Eliquis increases the risk of bleeding and can cause serious, potentially fatal, bleeding. Please see the complete Boxed Warnings and additional Important Safety Information in this press release.

The FDA approval of Eliquis for the treatment of DVT and PE, and for the reduction in the risk of recurrent DVT and PE following initial therapy, is based on data from the global AMPLIFY and AMPLIFY-EXT studies.

The AMPLIFY study, a randomized, double-blind trial, was designed to demonstrate the efficacy and safety of Eliquis for the treatment of DVT and PE, and included patients with confirmed symptomatic DVT or PE (2,609 for Eliquis and 2,635 for standard of care, which was initial enoxaparin treatment for at least five days, overlapped by warfarin therapy [International Normalised Ratio (INR) range 2.0-3.0] orally for six months).

In the AMPLIFY study, Eliquis 10 mg twice daily for one week followed by 5 mg twice daily for six months demonstrated efficacy comparable to standard of care in treating DVT and PE patients for the primary efficacy composite endpoint of recurrent, symptomatic VTE, or VTE-related death (2.3 per centvs. 2.7 per cent, relative risk, 0.84; 95 per cent confidence interval , 0.60 to 1.18; P-value<0.0001 for noninferiority).
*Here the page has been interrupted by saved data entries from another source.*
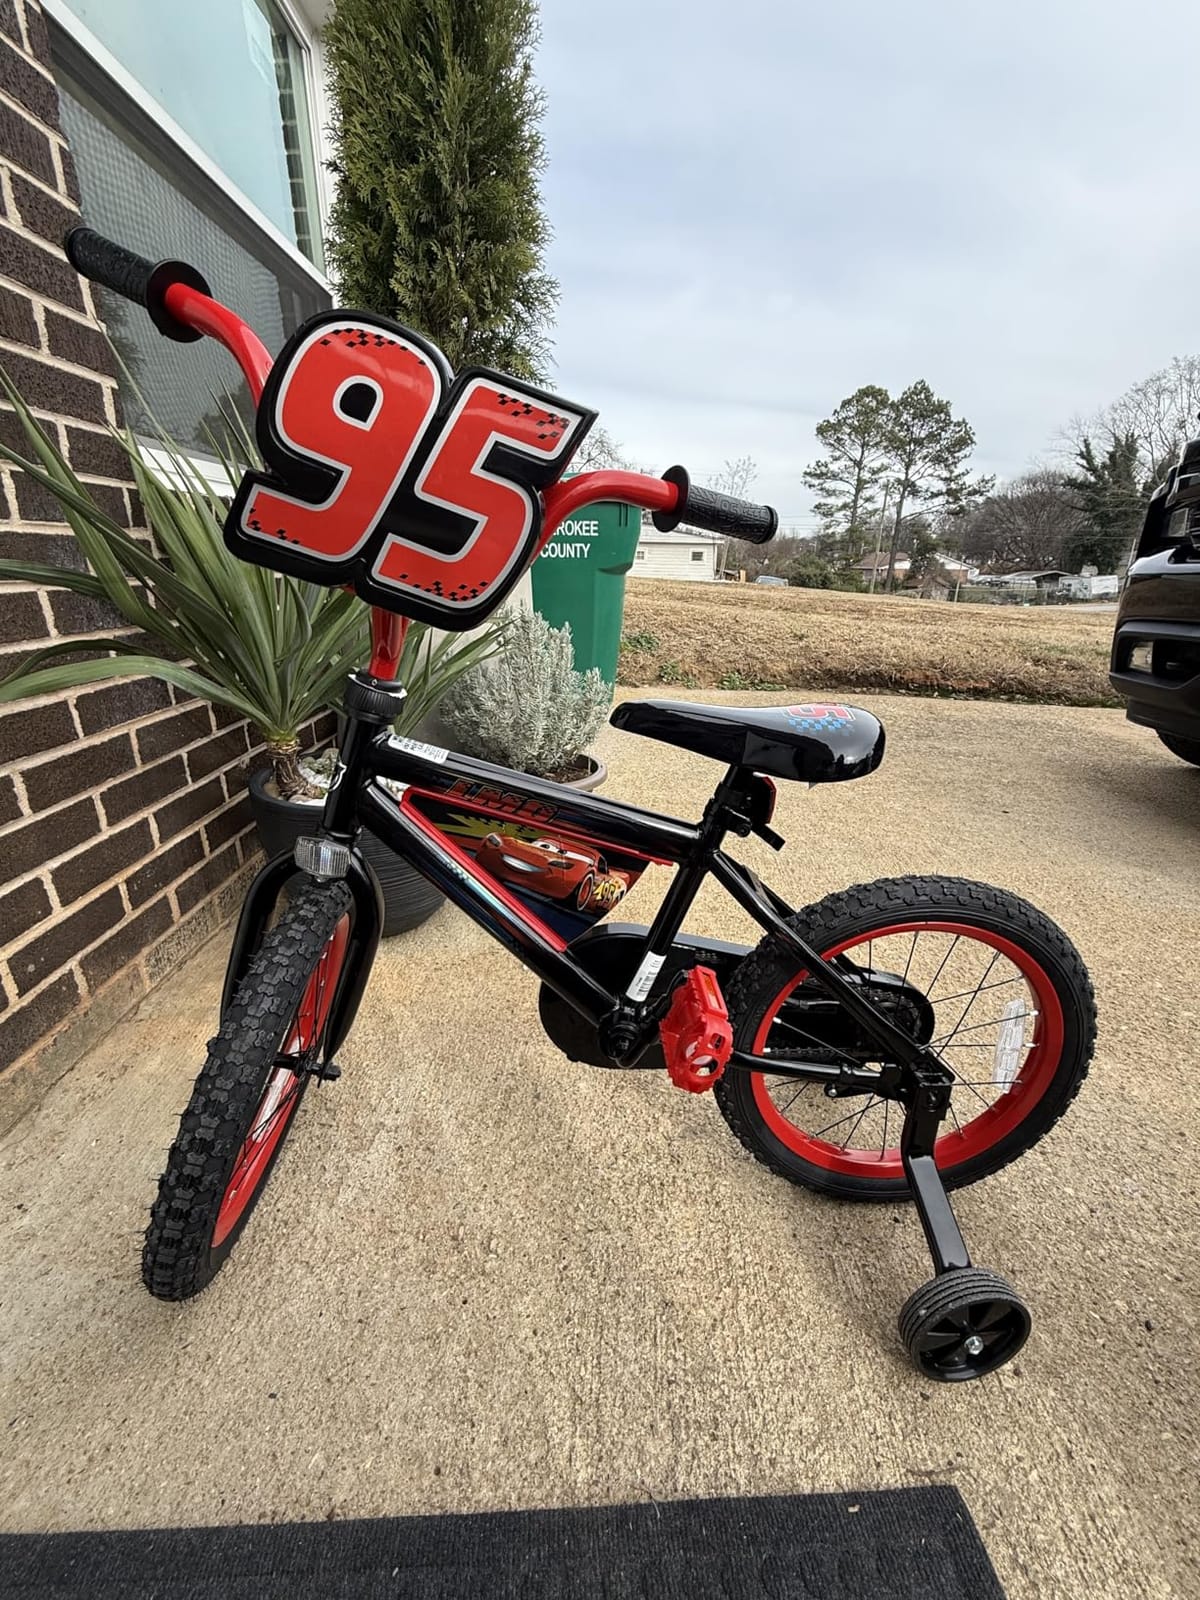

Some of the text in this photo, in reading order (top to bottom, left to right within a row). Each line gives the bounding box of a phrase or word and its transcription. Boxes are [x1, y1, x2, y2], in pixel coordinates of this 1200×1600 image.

[241, 321, 584, 610] 95
[553, 520, 599, 536] ROKEE
[540, 543, 591, 559] COUNTY
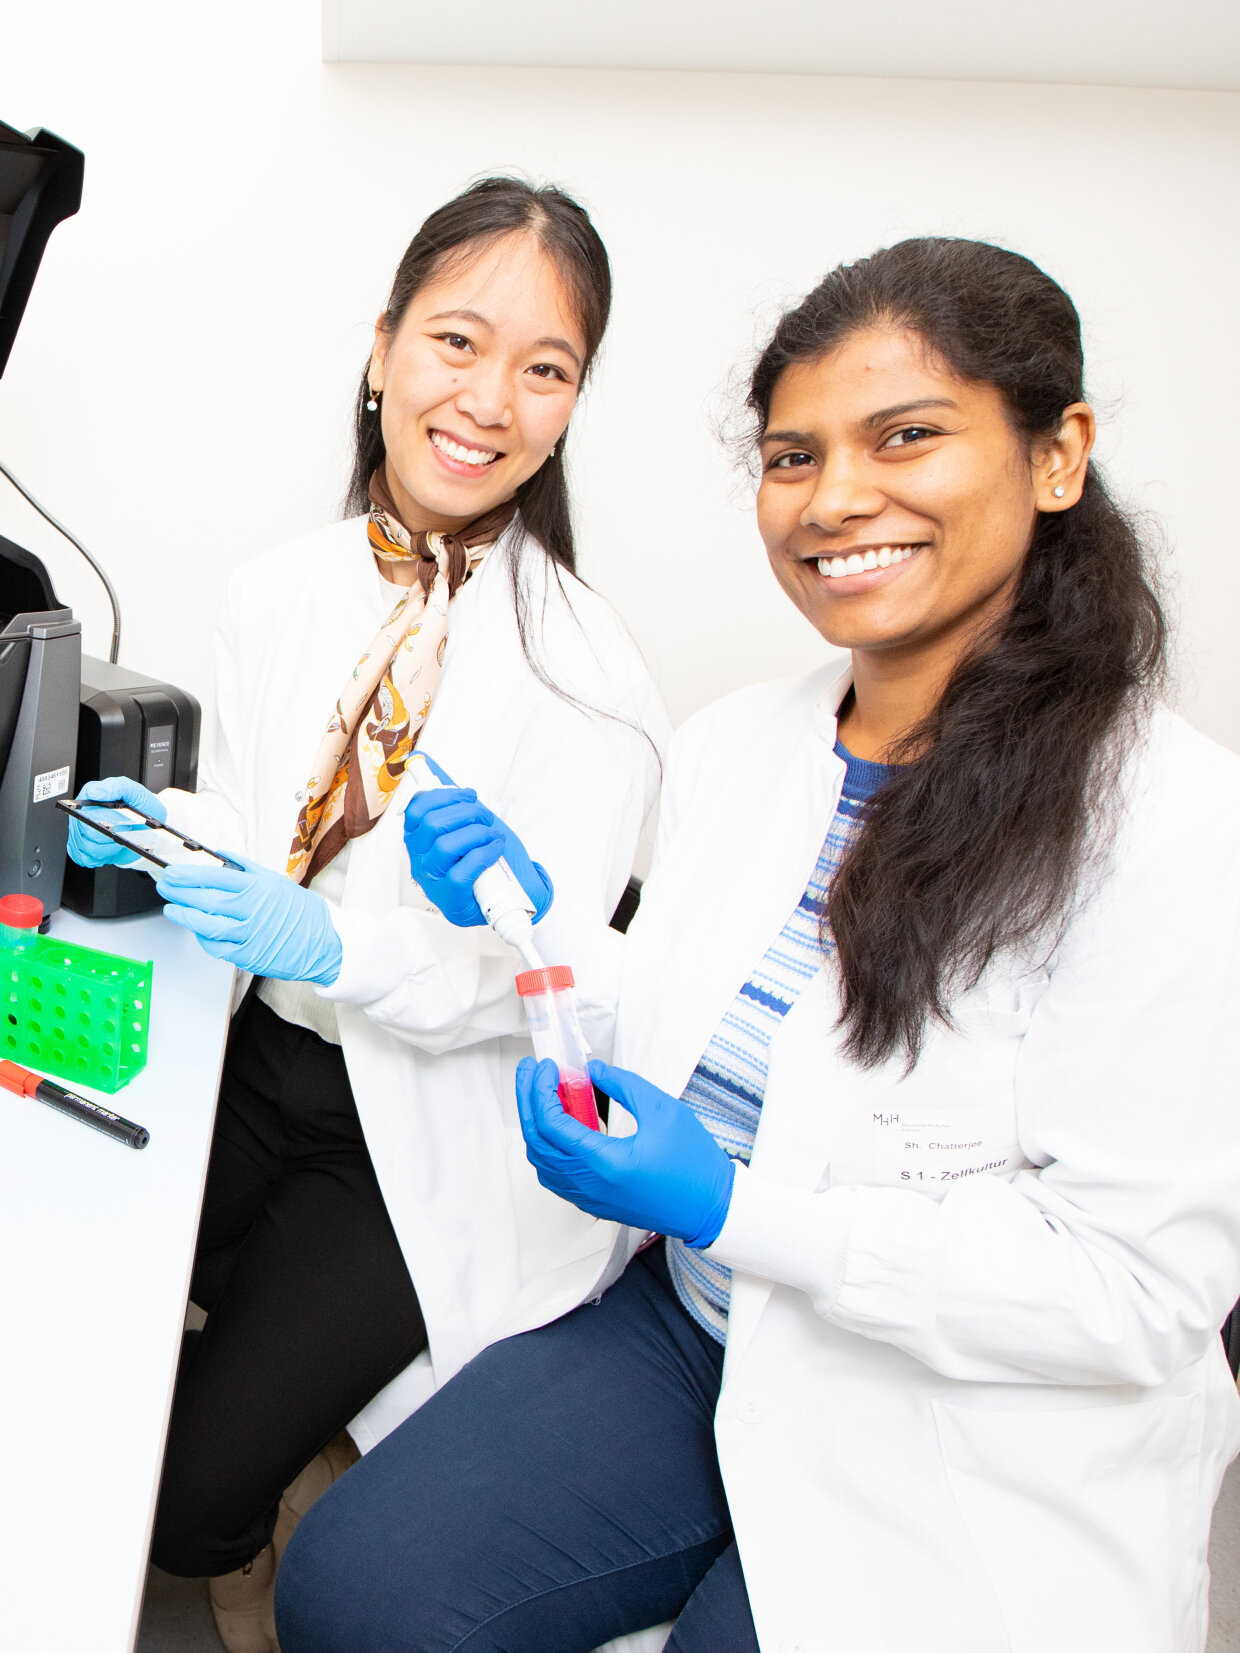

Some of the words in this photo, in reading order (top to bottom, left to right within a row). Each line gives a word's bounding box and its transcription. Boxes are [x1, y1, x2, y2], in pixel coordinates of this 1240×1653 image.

[904, 1141, 921, 1149] Sh.
[928, 1140, 983, 1150] Chatterjee
[940, 1158, 1009, 1181] Zellkultur
Eliquis demonstrated superiority in the primary safety endpoint of major bleeding versus standard of care (0.6 per cent vs. 1.8 per cent, relative risk 0.31; 95 per cent CI, 0.17 to 0.55; P<0.0001 for superiority). Major bleeding was defined as clinically overt bleeding that was accompanied by one or more of the following: a decrease in the hemoglobin level of 2 g/dL or more; a transfusion of two or more units of packed red blood cells; bleeding that occurred in at least one of the following critical sites: intracranial, intraspinal, intraocular, pericardial, intra-articular, intramuscular with compartment syndrome, retroperitoneal; or bleeding that was fatal.
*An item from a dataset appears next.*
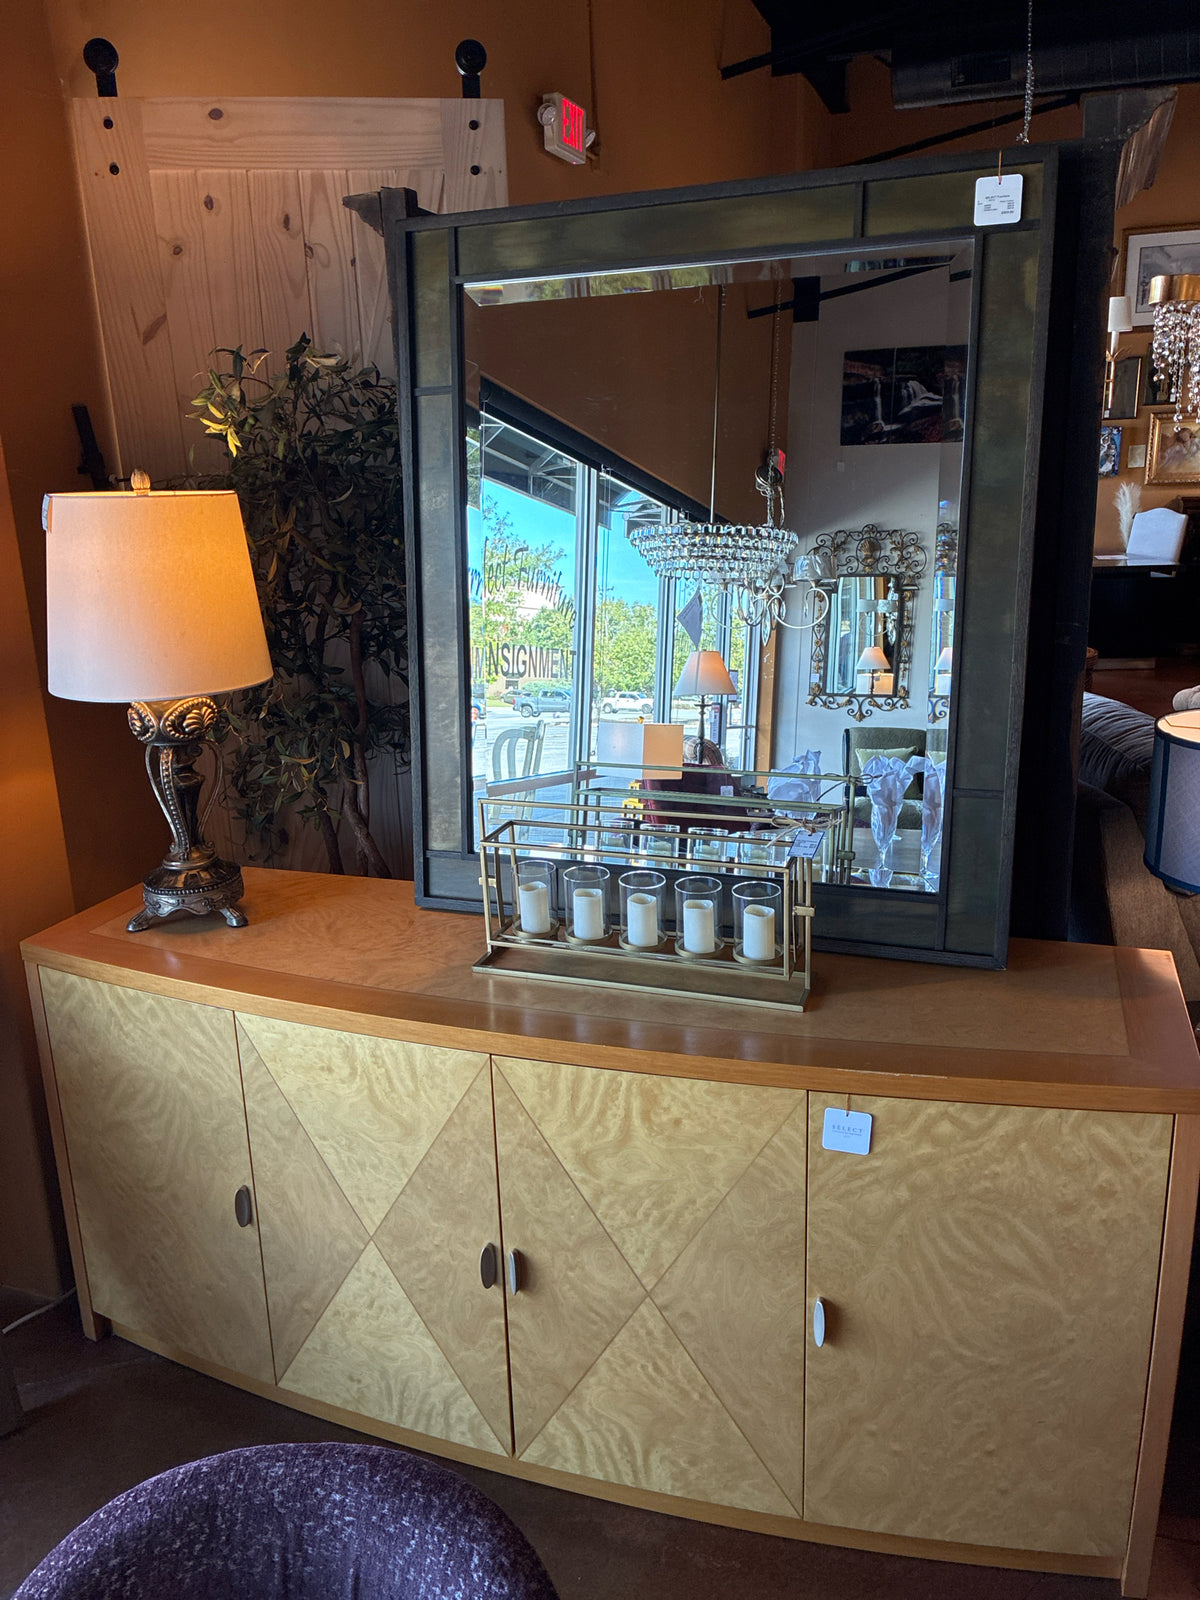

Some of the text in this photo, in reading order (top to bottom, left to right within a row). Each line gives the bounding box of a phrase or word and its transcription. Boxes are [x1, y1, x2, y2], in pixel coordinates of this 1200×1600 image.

[562, 98, 584, 152] EXIT
[514, 545, 577, 630] Furniture
[832, 1125, 863, 1133] SELECT
For the secondary safety endpoint in the AMPLIFY study, the event rates for clinically relevant non major bleeding (CRNM) were fewer in Eliquis-treated patients compared to standard of care-treated patients (3.9 per cent vs. 8.0 per cent). CRNM was defined as overt bleeding that did not meet the criteria for major bleeding but was associated with a medical intervention, contact with a physician, interruption of the study drug, or discomfort or impairment in carrying out daily activities.

In AMPLIFY, the discontinuation rate due to bleeding events was 0.7 per cent in the Eliquis-treated patients compared to 1.7 per cent in enoxaparin/warfarin-treated patients.   

DVT is a blood clot in a vein, usually in the lower leg, thigh, or pelvis, which partially or totally blocks the flow of blood. PE is a blood clot blocking one or more vessels in the lungs. DVT causes multiple symptoms including pain, swelling, and redness, and more importantly, can progress to PE, which carries the risk of sudden death.

Eliquis (apixaban) is an oral selective Factor Xa inhibitor. By inhibiting Factor Xa, a key blood-clotting protein, Eliquis decreases thrombin generation and blood clot formation. Eliquis is approved for multiple indications in the US based on efficacy and safety data, including results from seven phase 3 clinical trials.